Eventually, a solution to funding cheaper migration was dreamt up by a British man named Edward Gibbon Wakefield - he suggested that land be sold at high prices by colonial governments, who could then use this income to subsidise lower class migration. Wakefield himself was highly influential in the founding of South Australia and in New Zealand, and although protested by those upper and lower class Australians who benefited from the previous system of high wages or cheap land grants, every colony adopted his policy and it worked a treat. Whaling and sealing were Australia's first industries prior to Wakefield's reform, but struggled to find workers - they were quickly outshone by wool and gold, which alongside cheaper fares and increasing capital from London drove enormous growth in Australia's colonial cities and expansion into its frontier.

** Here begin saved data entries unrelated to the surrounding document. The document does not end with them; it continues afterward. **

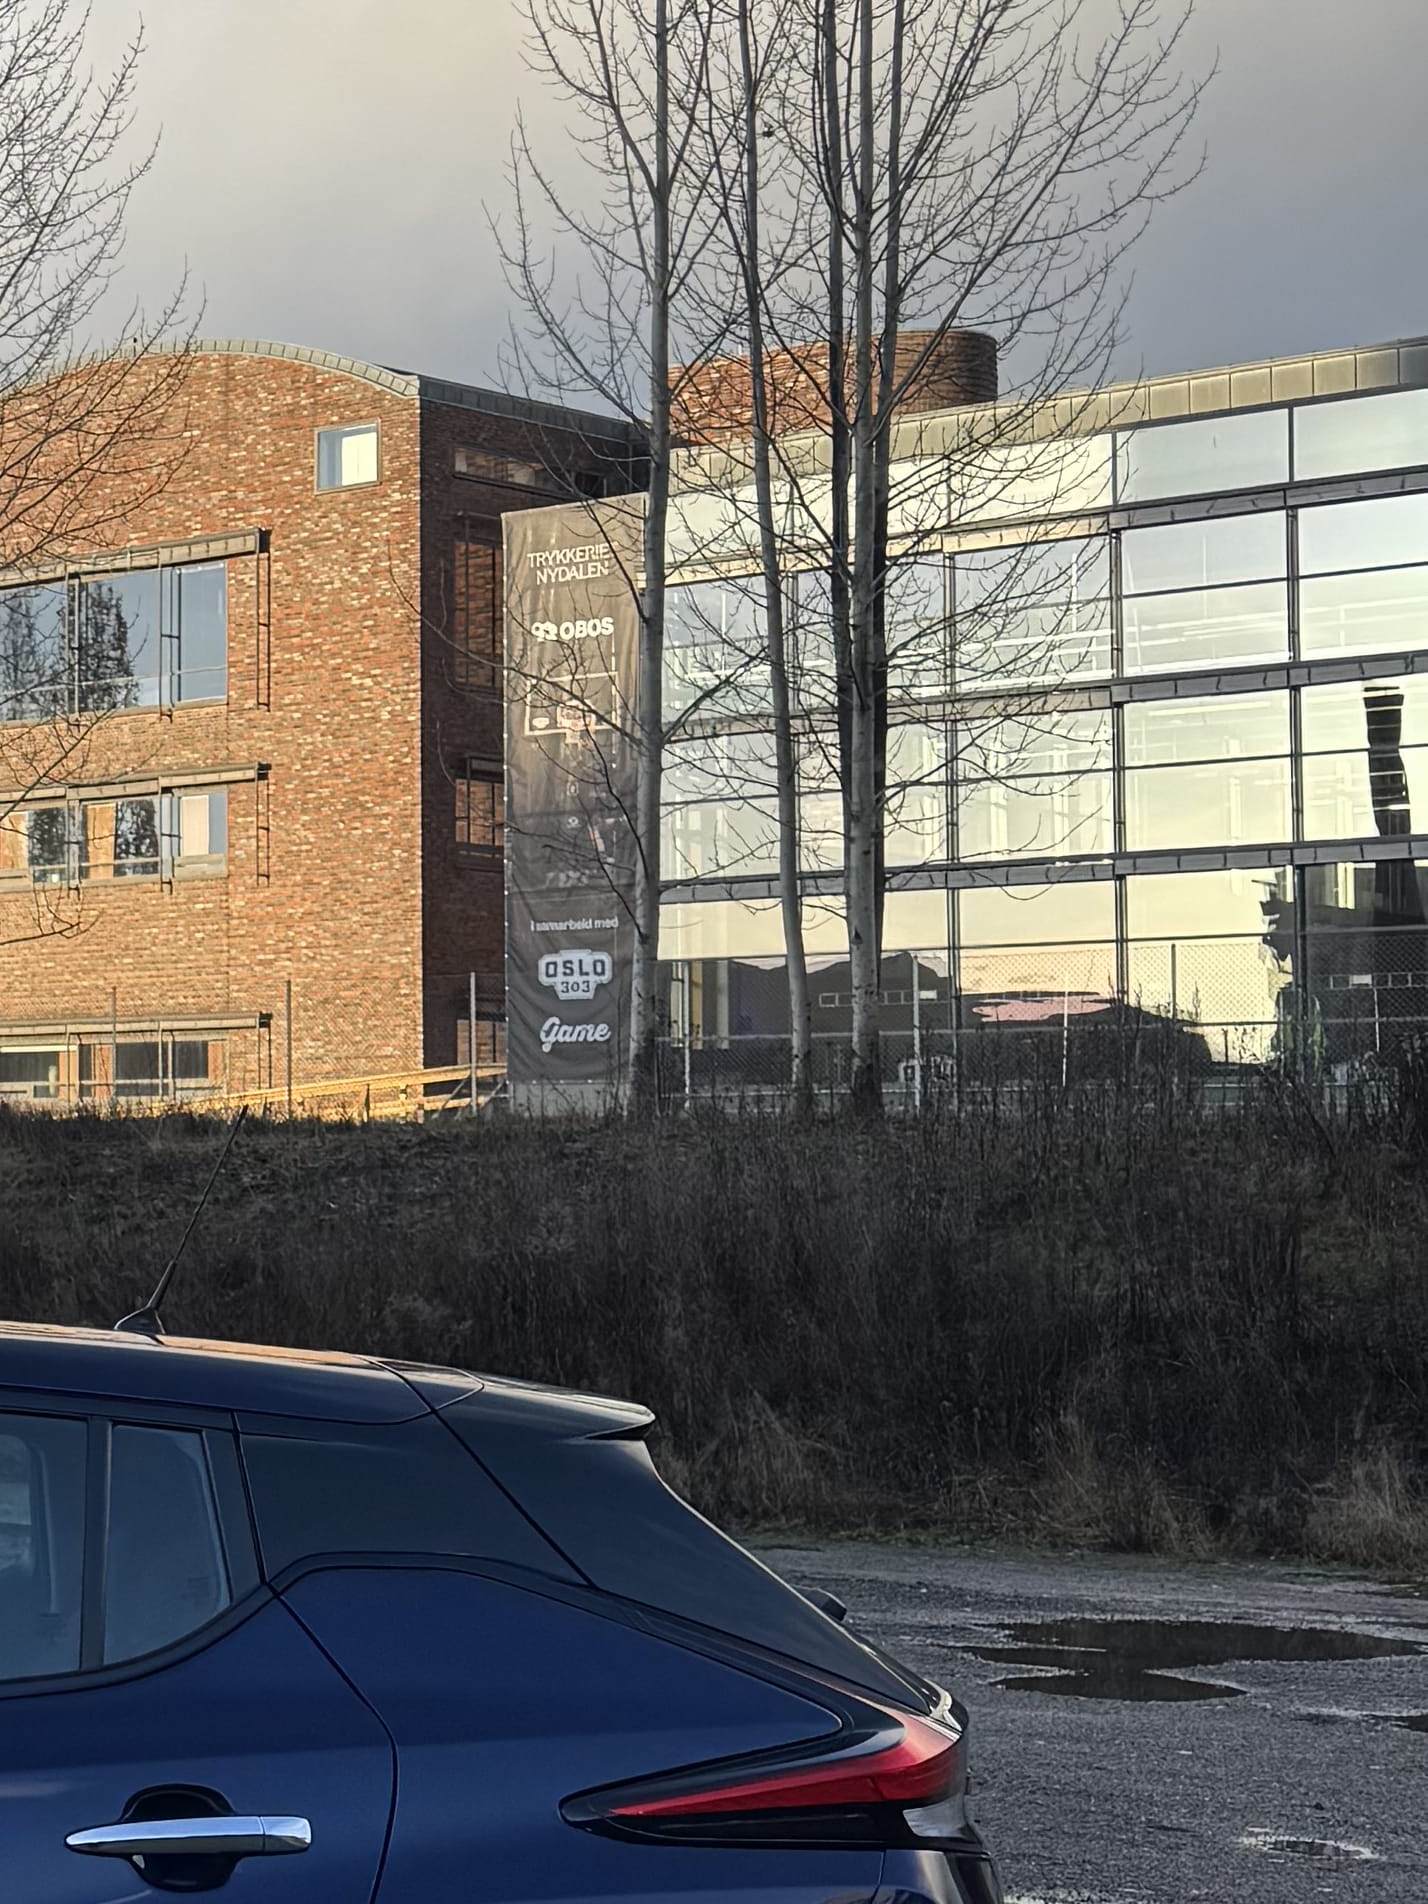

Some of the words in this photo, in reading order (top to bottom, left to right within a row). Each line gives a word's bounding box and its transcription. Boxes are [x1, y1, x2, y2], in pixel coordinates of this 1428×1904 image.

[536, 561, 608, 584] NYDALEN
[560, 617, 614, 639] OBOS
[594, 915, 618, 929] med
[545, 959, 606, 977] OSLO
[561, 981, 591, 993] 303
[540, 1016, 611, 1052] Game

The best example of this growth is Melbourne, which was found as a backwater sheep town by Tasmanian pastoralists in 1835 - thanks to several goldrushes slightly inland, within 2-3 decades it was one of the world's wealthiest, glamorous and fastest growing cities. The goldrushes across southern Australia transformed its urban centers from colonial outposts into prosperous Western cities that were highly desirable places to live, favourable compared to the crowded poverty of New York. At the same time, improvements in sailing and shipbuilding, and reforms to laws concerning long distance travel by sea, made the journey to Australia safer, faster and far more comfortable. Although still more expensive, it was generally considered more comfortable than the cramped and borderline abusive conditions of the American migrant ships.